- _Material provided_
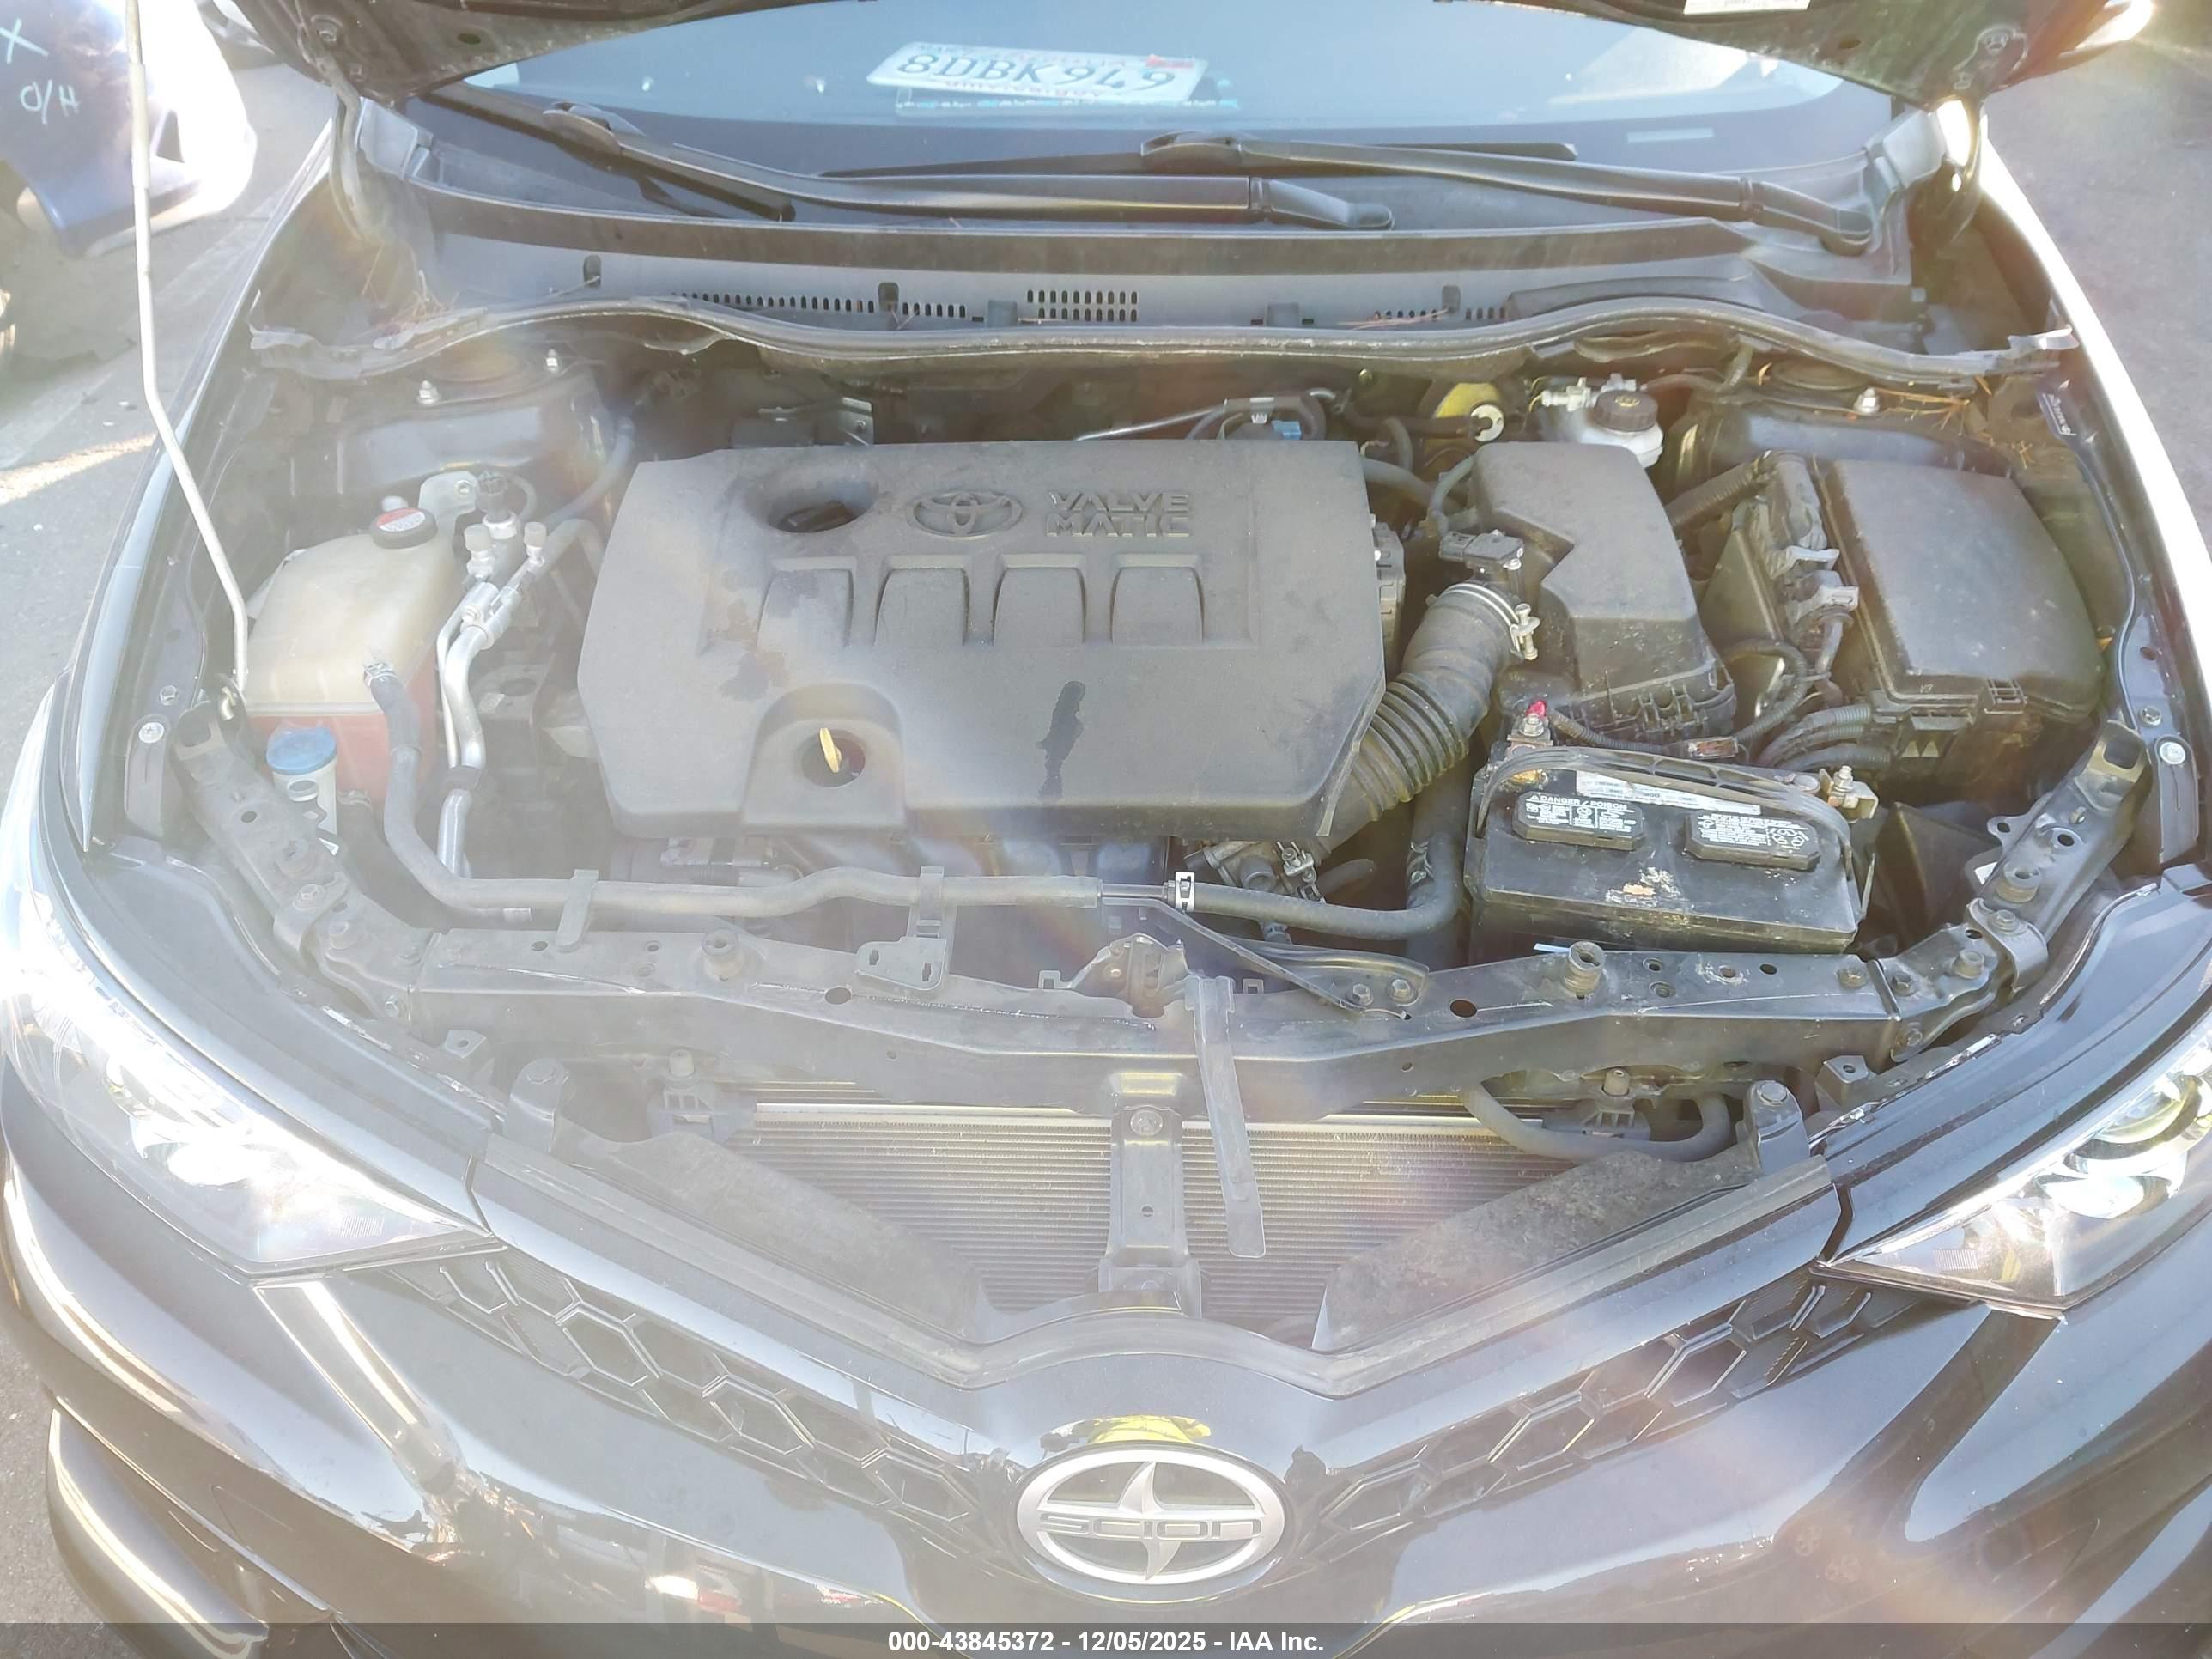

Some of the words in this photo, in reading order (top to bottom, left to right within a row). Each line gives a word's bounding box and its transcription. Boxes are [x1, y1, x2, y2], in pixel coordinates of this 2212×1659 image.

[897, 54, 1176, 91] 8DBK949
[20, 79, 81, 125] O/H
[1048, 492, 1189, 514] VALVE
[1046, 514, 1190, 538] MATIC
[1540, 795, 1581, 806] DANGER
[1590, 800, 1628, 811] POISON
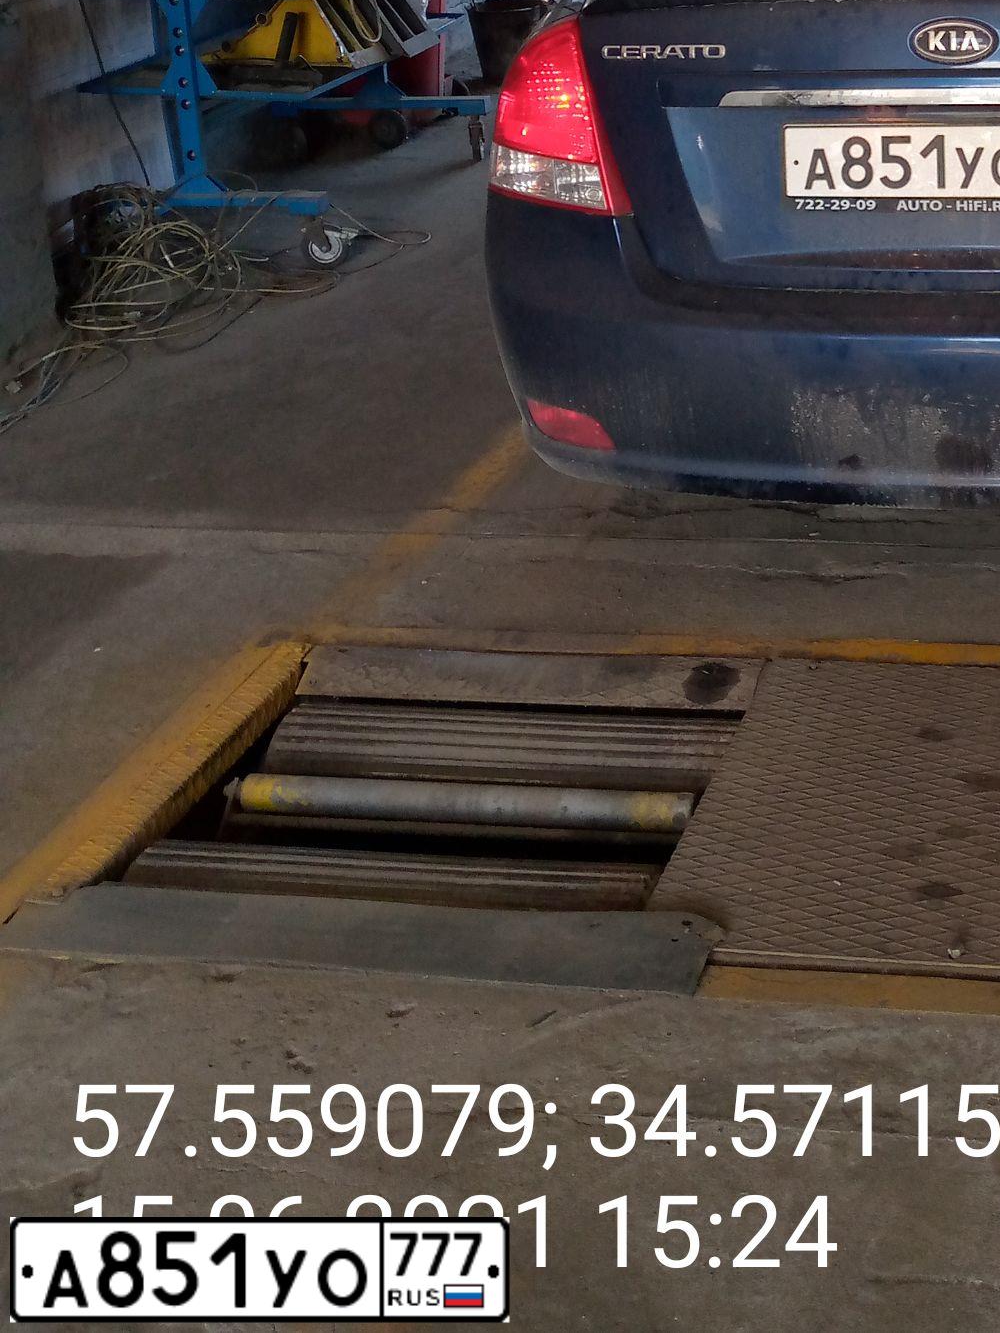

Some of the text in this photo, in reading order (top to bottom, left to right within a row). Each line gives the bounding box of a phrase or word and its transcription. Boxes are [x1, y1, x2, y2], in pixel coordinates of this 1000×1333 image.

[927, 30, 981, 52] KIA
[601, 44, 726, 60] CERATO
[794, 198, 877, 211] 722-29-09
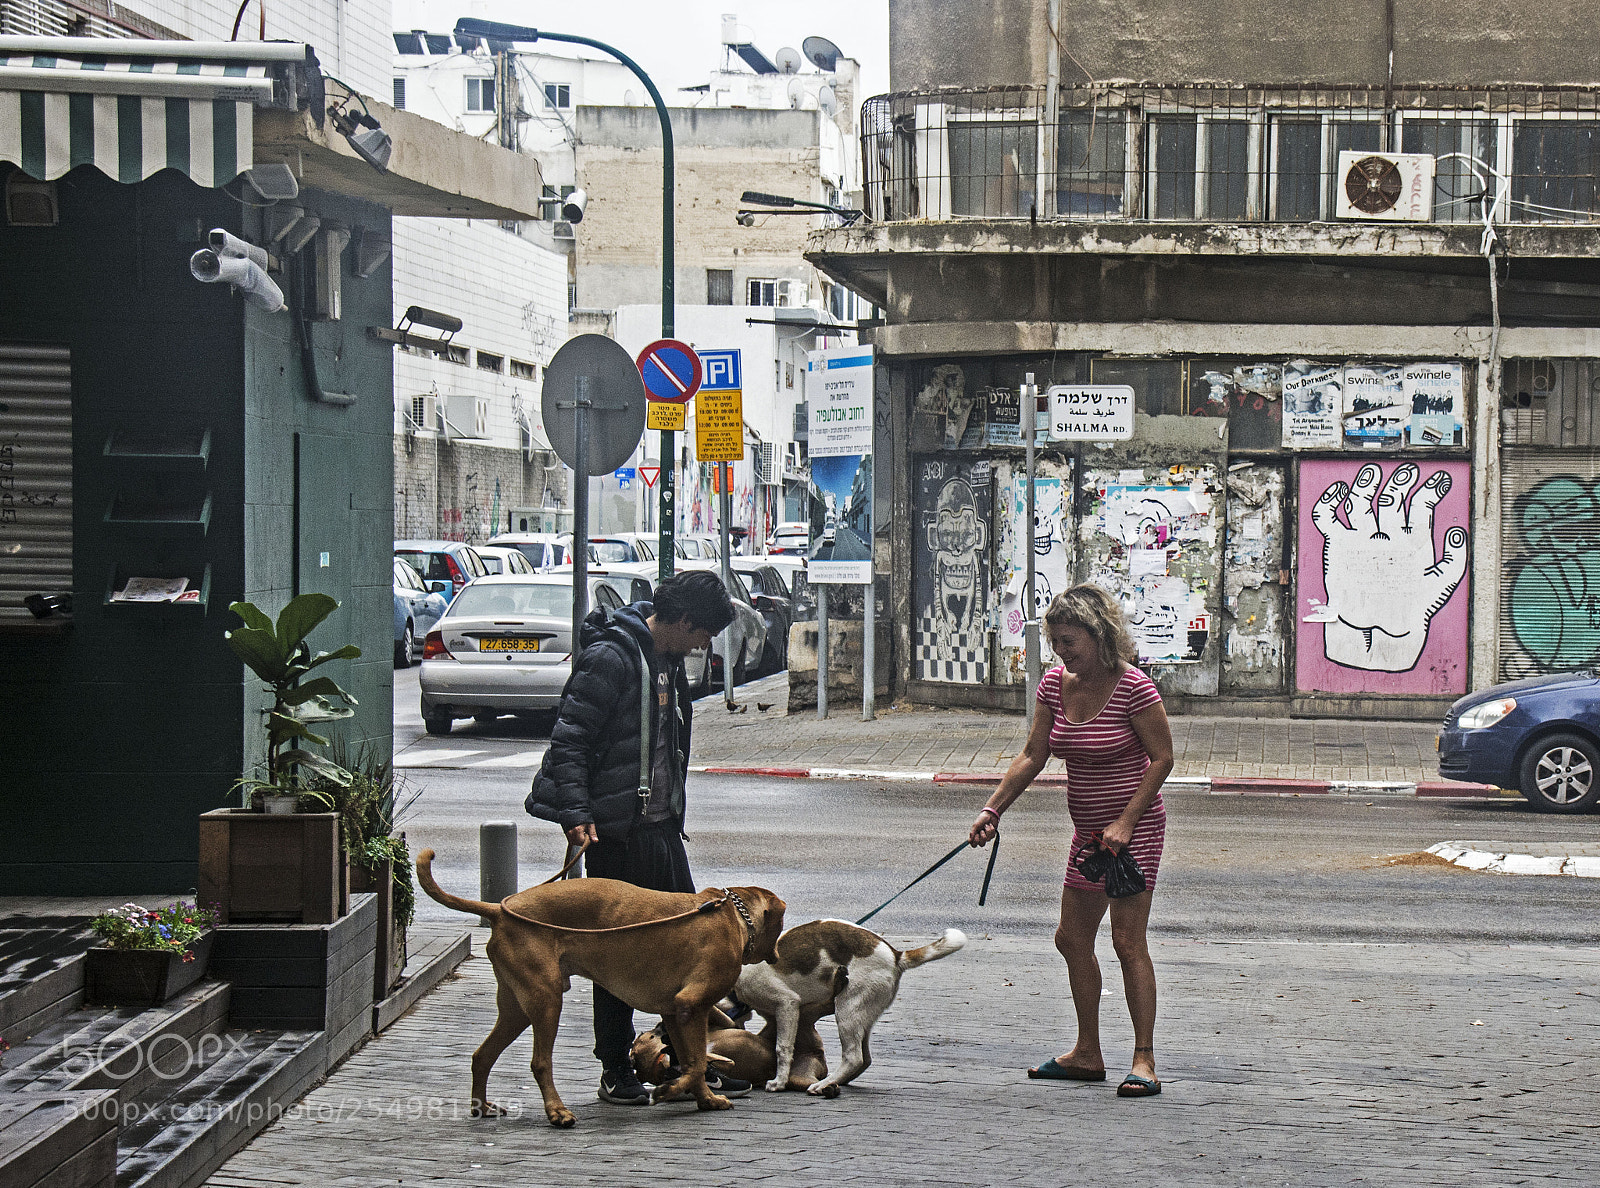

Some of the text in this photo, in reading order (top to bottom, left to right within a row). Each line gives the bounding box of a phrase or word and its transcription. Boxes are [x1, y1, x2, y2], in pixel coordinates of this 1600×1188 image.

[1406, 370, 1451, 379] swingle
[1285, 381, 1300, 390] Our
[1057, 391, 1128, 406] דרך שלמה
[816, 405, 865, 423] רחוב אבולעפיה
[995, 407, 1018, 417] בהופעה
[1056, 423, 1109, 433] SHALMA

- _What is being asked_
Taking the line that contains "this 1600×1188 image." as the first and the last line of the material as the final one, transcribe that span exactly and include nothing else.

- _Your response_
Some of the text in this photo, in reading order (top to bottom, left to right within a row). Each line gives the bounding box of a phrase or word and its transcription. Boxes are [x1, y1, x2, y2], in pixel coordinates of this 1600×1188 image.

[1406, 370, 1451, 379] swingle
[1285, 381, 1300, 390] Our
[1057, 391, 1128, 406] דרך שלמה
[816, 405, 865, 423] רחוב אבולעפיה
[995, 407, 1018, 417] בהופעה
[1056, 423, 1109, 433] SHALMA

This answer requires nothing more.